Yale University Press Sivumäärä: 264 sivua Asu: Pehmeäkantinen kirja Julkaisuvuosi: 2012, 07.09.2012 (lisätietoa) Kieli: Englanti
In this brilliant companion volume to her highly praised Toward Another Shore: Russian Thinkers Between Necessity and Chance, Aileen M. Kelly closely examines a humanist strand of Russian thought that has until now received little notice or understanding. She finds in the writings of Aleksandr Herzen, Anton Chekhov, and Mikhail Bakhtin a pioneering emphasis on the role of chance and contingency in nature and history. Their writing on this theme, she argues, establishes the importance of these humanists in the development of European thought.
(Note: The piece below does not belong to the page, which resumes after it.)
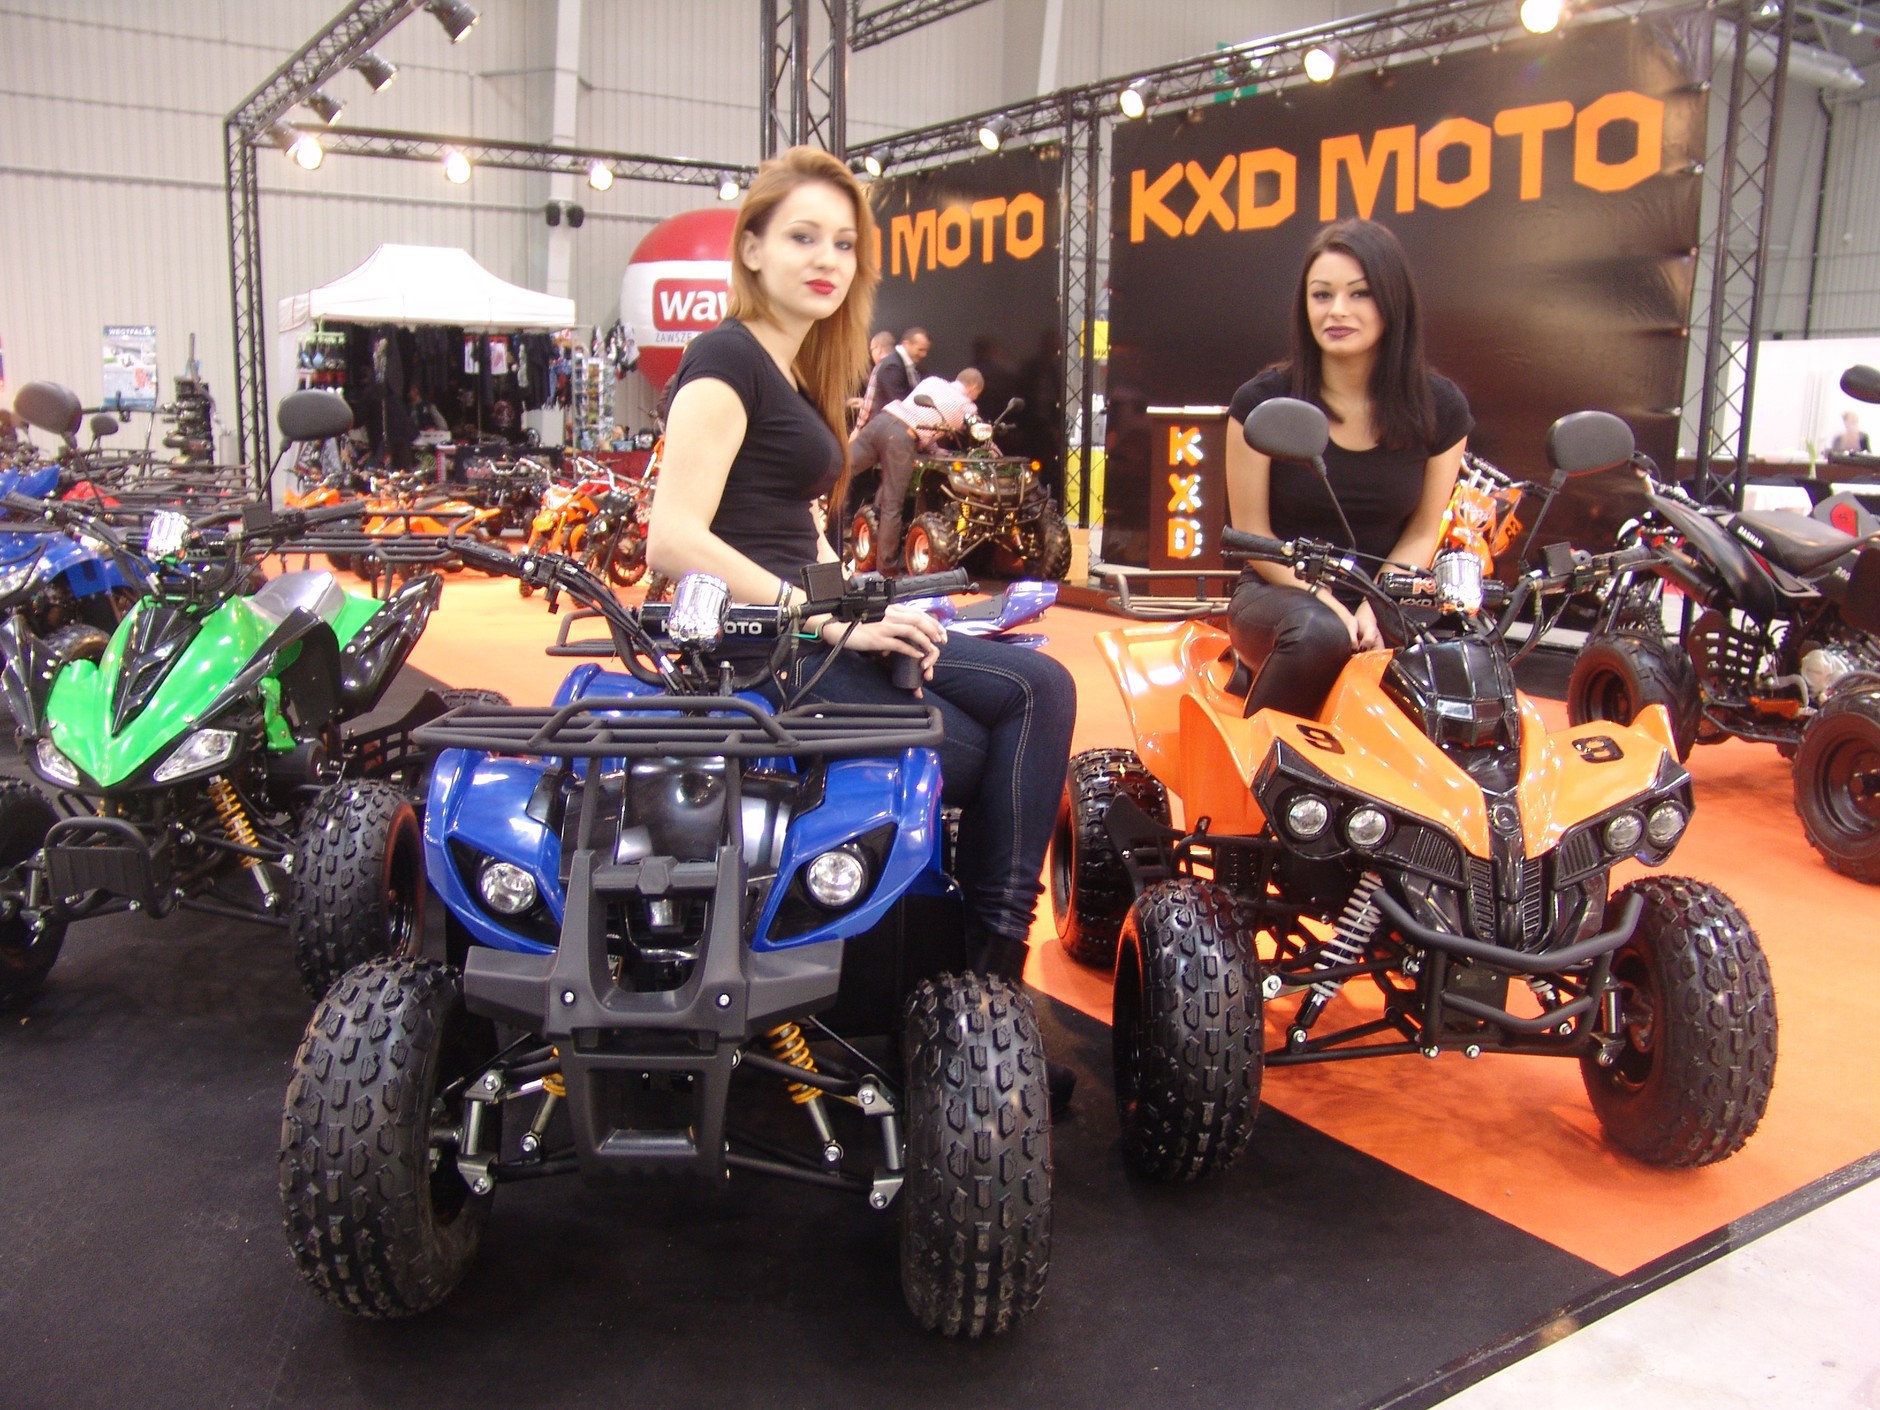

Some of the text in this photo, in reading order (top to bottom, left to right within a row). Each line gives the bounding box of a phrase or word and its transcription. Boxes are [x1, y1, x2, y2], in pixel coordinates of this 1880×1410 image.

Herzen, the principal subject of the book, was among the first nineteenth-century thinkers to challenge the assumptions underlying doctrines of universal progress. Kelly links Herzen’s outlook to the work of such Western humanists and scientists as Francis Bacon, Schiller, Proudhon, J. S. Mill, and Darwin. She shows how the view of freedom that Herzen shared with Chekhov and Bakhtin provides an antidote both to traditional absolutes and to the boundless relativism of much postmodern theory. As such it offers an answer to the question now besetting intellectuals in Russia and the West: how to ground morality after the collapse of ideological certainties.